Y no está mal, si el asunto –la escritura y su repercusión– únicamente fuese
tratado como un dilema moral.
Al no ser así, gracias al candor provinciano de la credibilidad ciudadana y a la
ñoñería oficialista de la institución –maquiavélica por abolengo, sangrada por
orden divino–, el paradigma del periodismo se trastoca y se transforma: varía la
pena espiritual de sus resultados.
Lo que se lee en la prensa, la más de las veces es sólo el infortunio de una
humillación concertada, la radicalidad burócrata pasada por “realidad”, el
apunte del escarnio filtrado como boletín de pobreza, seguido de un largo
etcétera, etcétera.
(“No hay, para un periodista, ponzoña peor que el barro fofo donde chapotean
el eufemismo y la corrección política y, sin embargo, ese barro abunda”, nos
advierte Leila Guerriero.)
¿A esto llamamos periodismo? ¿Comunicadores que vienen de afilar sus
instrumentos en los cursos exponenciales de Facebook? ¿Apuntadores
diplomados en un santuario donde los criterios redundan sobre los males como
un placer vergonzable en el hombre, seguidos de sus linchamientos en legión?
Quizá, algo se deja ver en sus negras escamas de herencia instructiva.

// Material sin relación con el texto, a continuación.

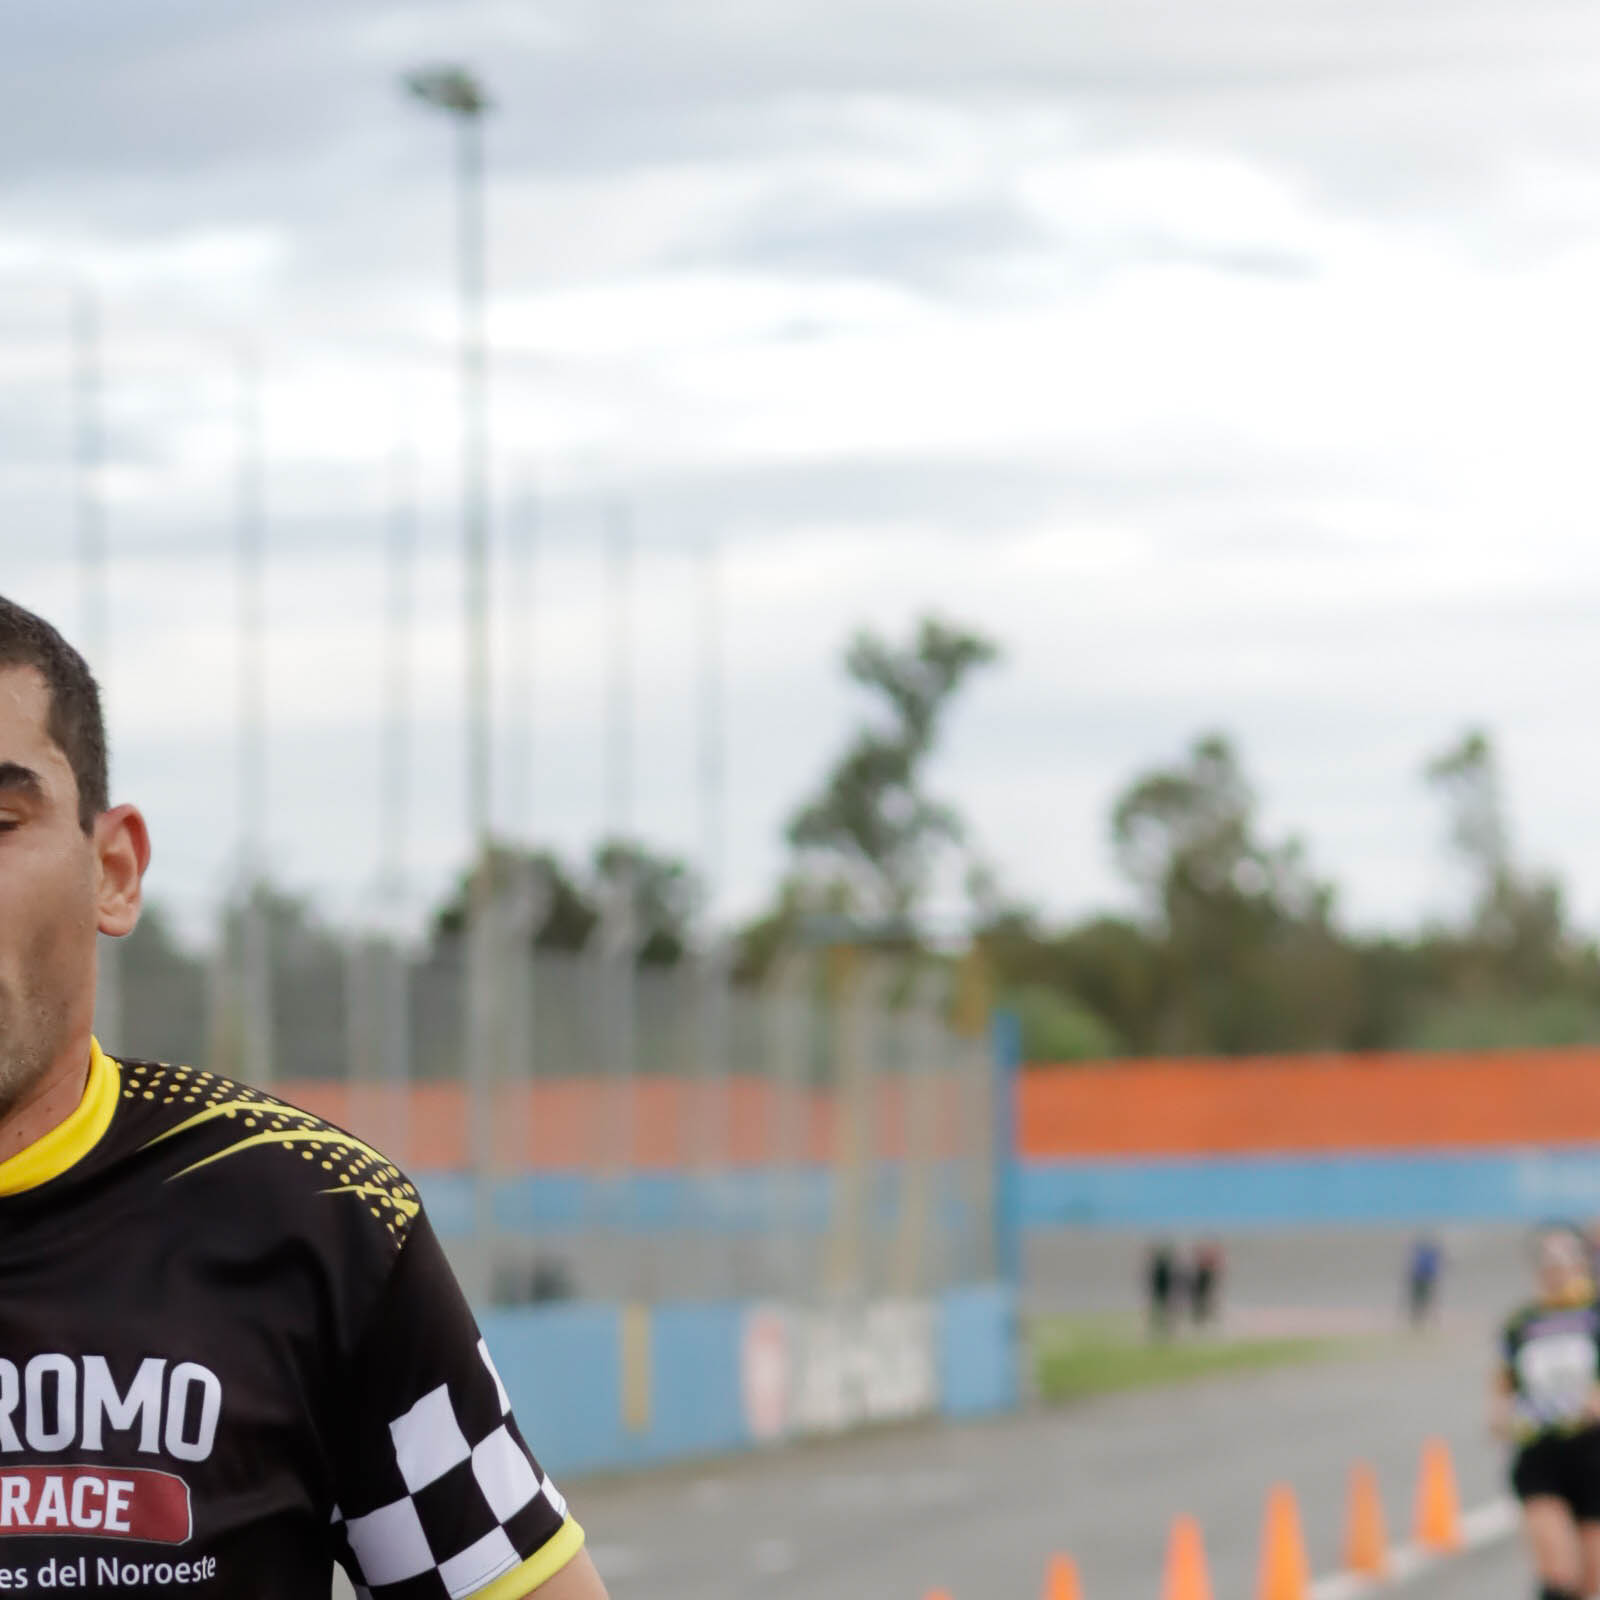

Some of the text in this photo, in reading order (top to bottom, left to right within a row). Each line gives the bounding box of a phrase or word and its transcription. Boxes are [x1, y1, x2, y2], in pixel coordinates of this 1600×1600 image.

Aquí, en el hablar y escribir con propiedad y juicio literario (con su poética de
champagne y su aterradora, lúdica y lúcida manera de decir), como instaba el
periodista Albert Camus, es donde nuestra vieja generación intelectual,
pletórica de experiencias artísticas y culturales, aprendió que “uno puede tener
razón y ser derrotado, que la fuerza puede destruir el alma, y que a veces el
coraje no obtiene recompensa”.
Lo que se dice o se calla, entiéndalo bien, está sujeto al criterio o interés del
poder que manda. De nosotros dependerá leer lo que no se escribe, oír lo que
no se dice, ver lo que no se muestra…
 Rehacer, en pocas palabras, el periódico
a través de una obstinada lectura crítica.